# Store Embeddings for a Retrieval Augmented Generation (RAG) Use Case

RAG is especially useful for question-answering use cases that involve large amounts of unstructured documents containing important information. 

Let’s implement a RAG use case so that the next time you ask about an [SAP AI Service](https://help.sap.com/docs/ai-services), you get the correct response! To achieve this, you need to vectorize our context documents. You can find the documents to vectorize and store as embeddings in SAP HANA Cloud Vector Engine in the `documents` directory.

## LangChain

The Generative AI Hub Python SDK is compatible with the [LangChain](https://python.langchain.com/v0.1/docs/get_started/introduction) library. LangChain is a tool for building applications that utilize large language models, such as GPT models.
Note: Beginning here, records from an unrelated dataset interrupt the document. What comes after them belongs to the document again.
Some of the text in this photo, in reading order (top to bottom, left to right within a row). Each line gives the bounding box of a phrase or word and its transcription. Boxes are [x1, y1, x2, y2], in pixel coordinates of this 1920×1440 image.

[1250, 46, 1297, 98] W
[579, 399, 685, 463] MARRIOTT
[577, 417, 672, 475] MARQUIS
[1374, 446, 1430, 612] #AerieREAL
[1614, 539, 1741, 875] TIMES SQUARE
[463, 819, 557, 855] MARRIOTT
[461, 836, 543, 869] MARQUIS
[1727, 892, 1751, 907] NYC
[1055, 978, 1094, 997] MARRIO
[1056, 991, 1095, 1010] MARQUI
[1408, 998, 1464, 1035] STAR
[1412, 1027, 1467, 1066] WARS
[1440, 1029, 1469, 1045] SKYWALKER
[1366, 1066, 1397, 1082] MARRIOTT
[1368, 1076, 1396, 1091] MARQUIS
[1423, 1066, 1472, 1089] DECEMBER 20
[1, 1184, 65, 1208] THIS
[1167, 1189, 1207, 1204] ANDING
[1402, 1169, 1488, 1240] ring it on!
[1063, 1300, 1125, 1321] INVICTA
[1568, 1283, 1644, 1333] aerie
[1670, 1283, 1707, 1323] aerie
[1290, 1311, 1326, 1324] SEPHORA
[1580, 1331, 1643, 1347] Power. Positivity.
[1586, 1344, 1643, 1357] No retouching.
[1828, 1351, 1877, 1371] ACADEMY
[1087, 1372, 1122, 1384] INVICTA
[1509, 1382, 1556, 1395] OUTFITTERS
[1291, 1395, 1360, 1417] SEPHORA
It is valuable because it helps manage and connect different models, tools, and data, simplifying the process of creating complex AI workflows.

In [1]:
import os
import json

with open('/home/user/projects/generative-ai-codejam/.aicore-config.json', 'r') as config_file:
    config_data = json.load(config_file)

os.environ["AICORE_AUTH_URL"]=config_data["url"]+"/oauth/token"
os.environ["AICORE_CLIENT_ID"]=config_data["clientid"]
os.environ["AICORE_CLIENT_SECRET"]=config_data["clientsecret"]
os.environ["AICORE_BASE_URL"]=config_data["serviceurls"]["AI_API_URL"]

# Change the value of the resource group to yours
os.environ["AICORE_RESOURCE_GROUP"]="team-sap"

# OpenAIEmbeddings to create text embeddings
#from gen_ai_hub.proxy.native.openai import OpenAIEmbeddings
from gen_ai_hub.proxy.langchain.openai import OpenAIEmbeddings

# TextLoader to load documents
from langchain_community.document_loaders import PyPDFDirectoryLoader

# different TextSplitters to chunk documents into smaller text chunks
from langchain_text_splitters import CharacterTextSplitter

# LangChain & HANA Vector Engine
from langchain_community.vectorstores.hanavector import HanaDB

👉 Change the `EMBEDDING_DEPLOYMENT_ID` in [variables.py](variables.py) to your deployment ID from exercise [01-deploy-model](01-deploy-model.md).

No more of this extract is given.